→ Excerpted data
== Segment start ==

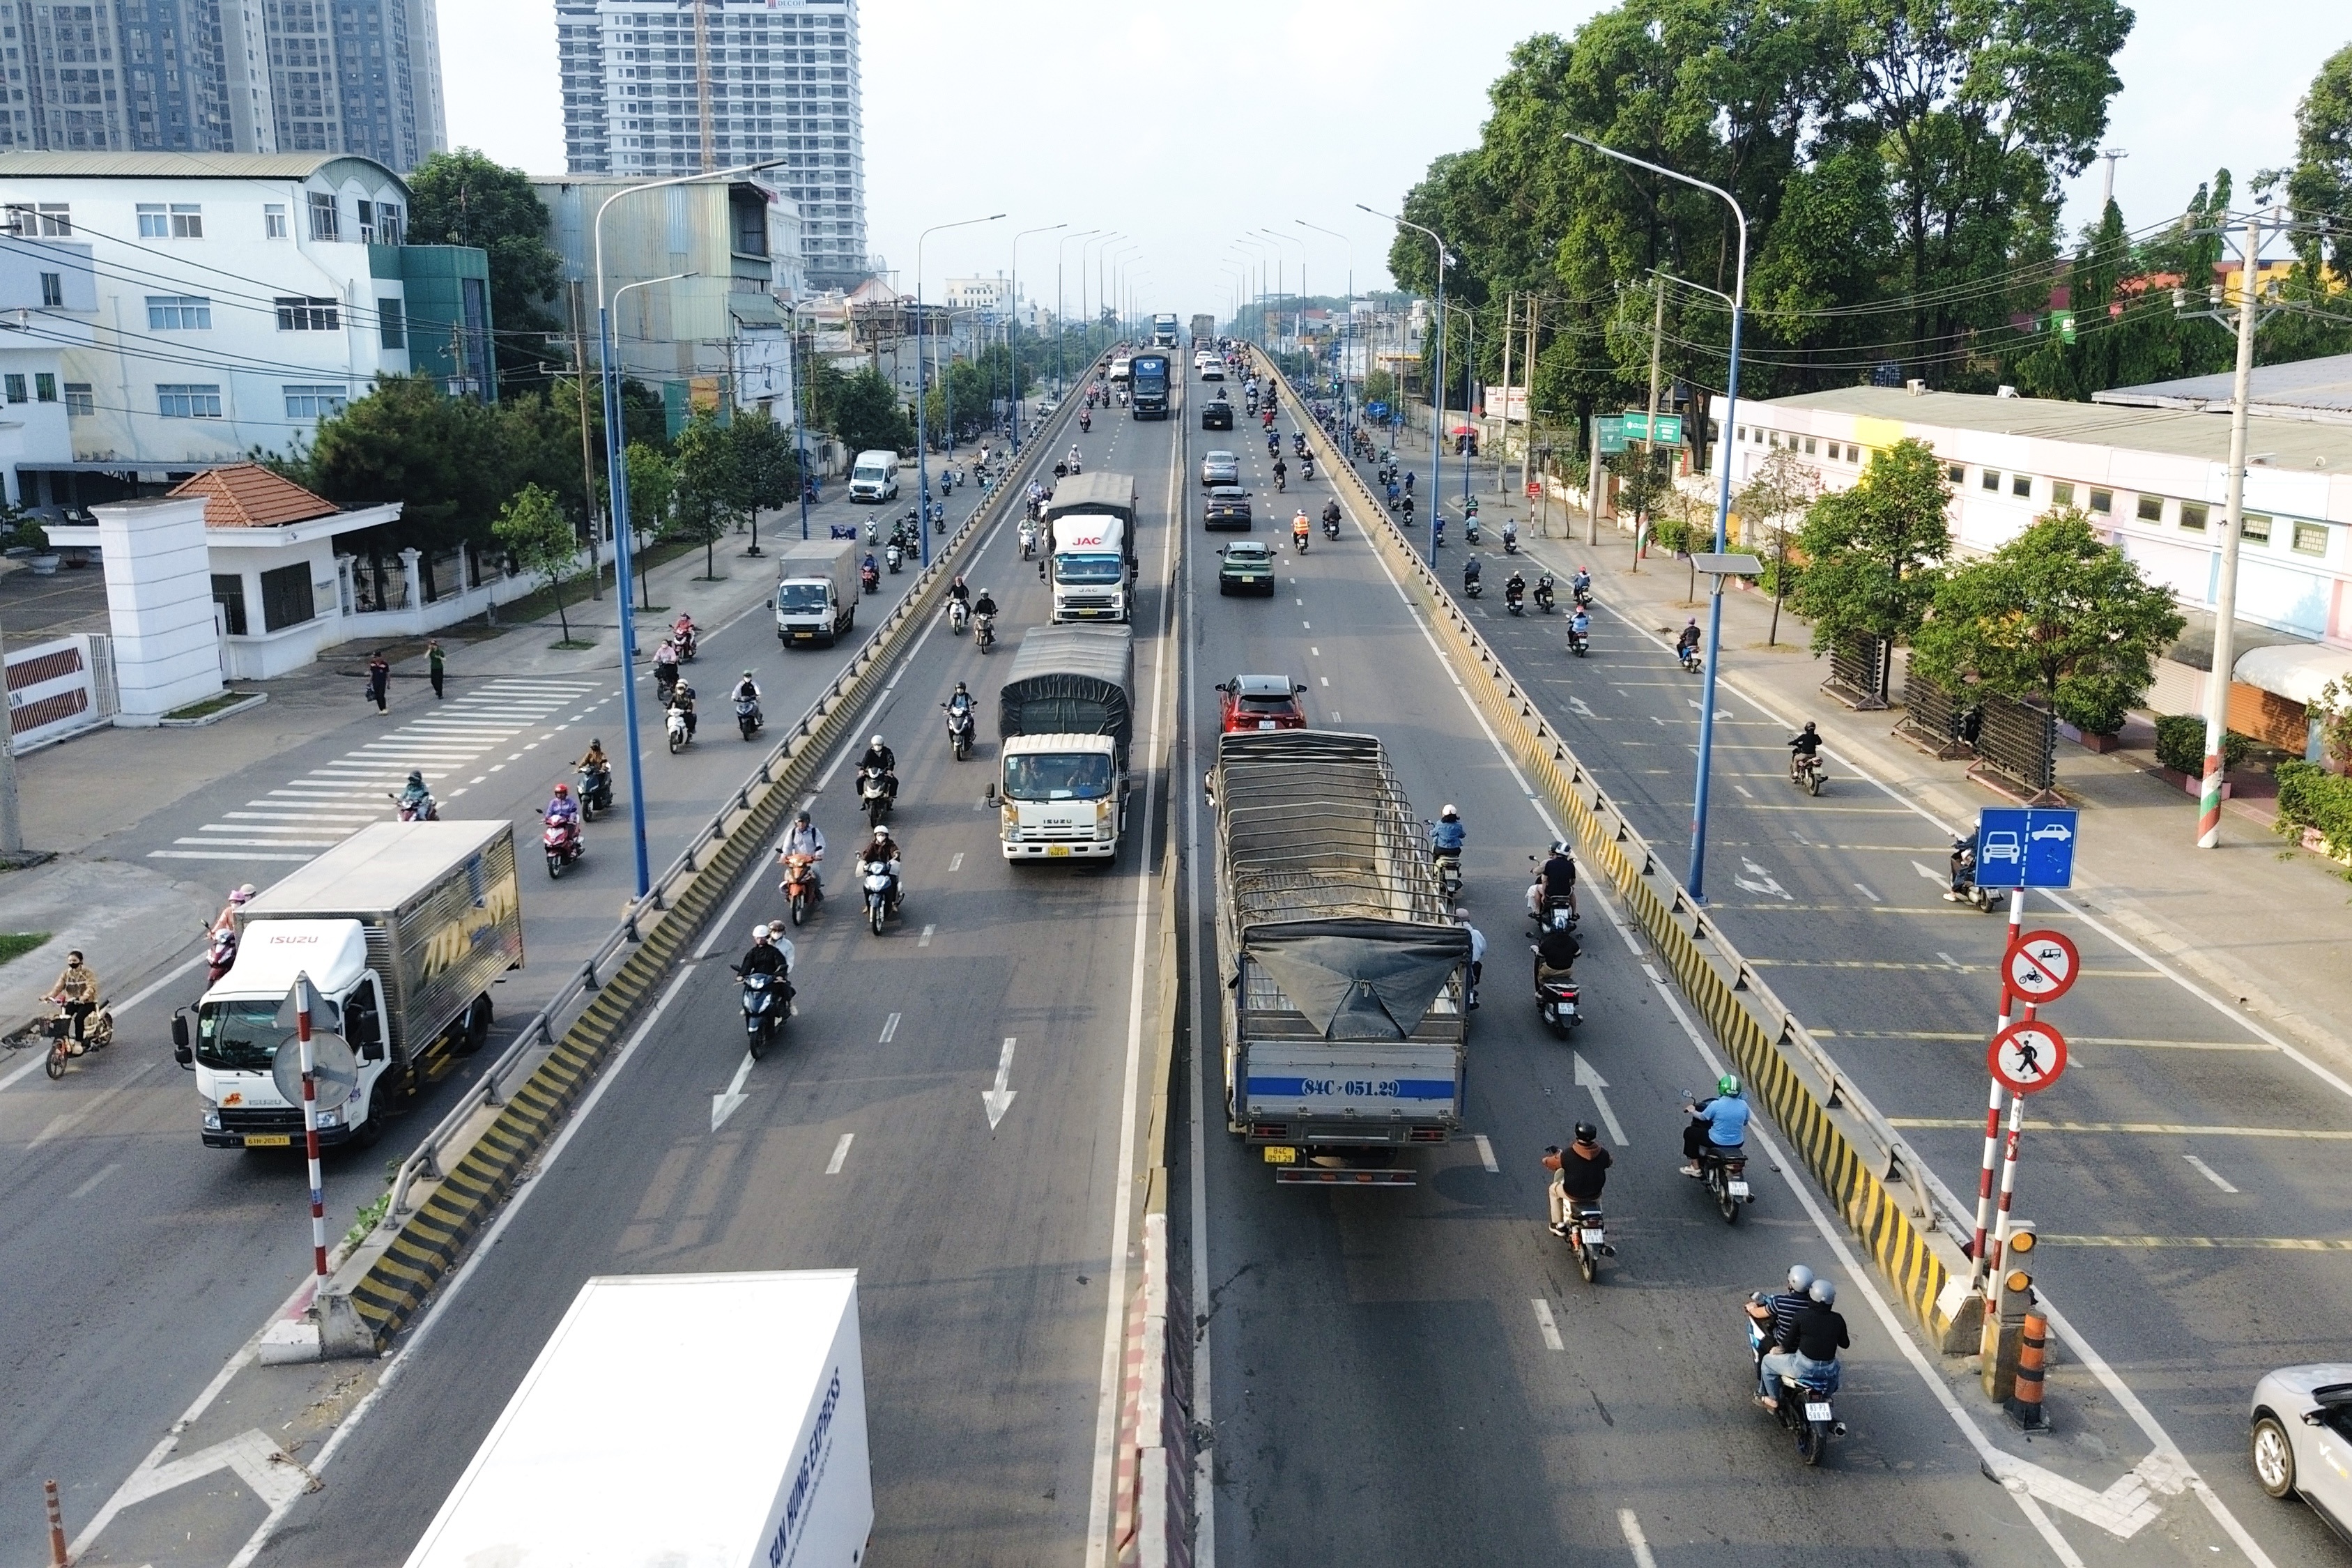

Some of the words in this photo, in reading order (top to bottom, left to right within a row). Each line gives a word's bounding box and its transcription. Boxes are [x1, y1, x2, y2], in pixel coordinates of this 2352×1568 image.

[1072, 537, 1102, 546] JAC
[769, 1514, 786, 1568] TAN
[787, 1453, 809, 1535] HUNG
[809, 1365, 840, 1473] EXPRESS

== Segment end ==

Make an exact copy of every entry above, but keep the pictures out of it.

→ Result
Some of the words in this photo, in reading order (top to bottom, left to right within a row). Each line gives a word's bounding box and its transcription. Boxes are [x1, y1, x2, y2], in pixel coordinates of this 2352×1568 image.

[1072, 537, 1102, 546] JAC
[769, 1514, 786, 1568] TAN
[787, 1453, 809, 1535] HUNG
[809, 1365, 840, 1473] EXPRESS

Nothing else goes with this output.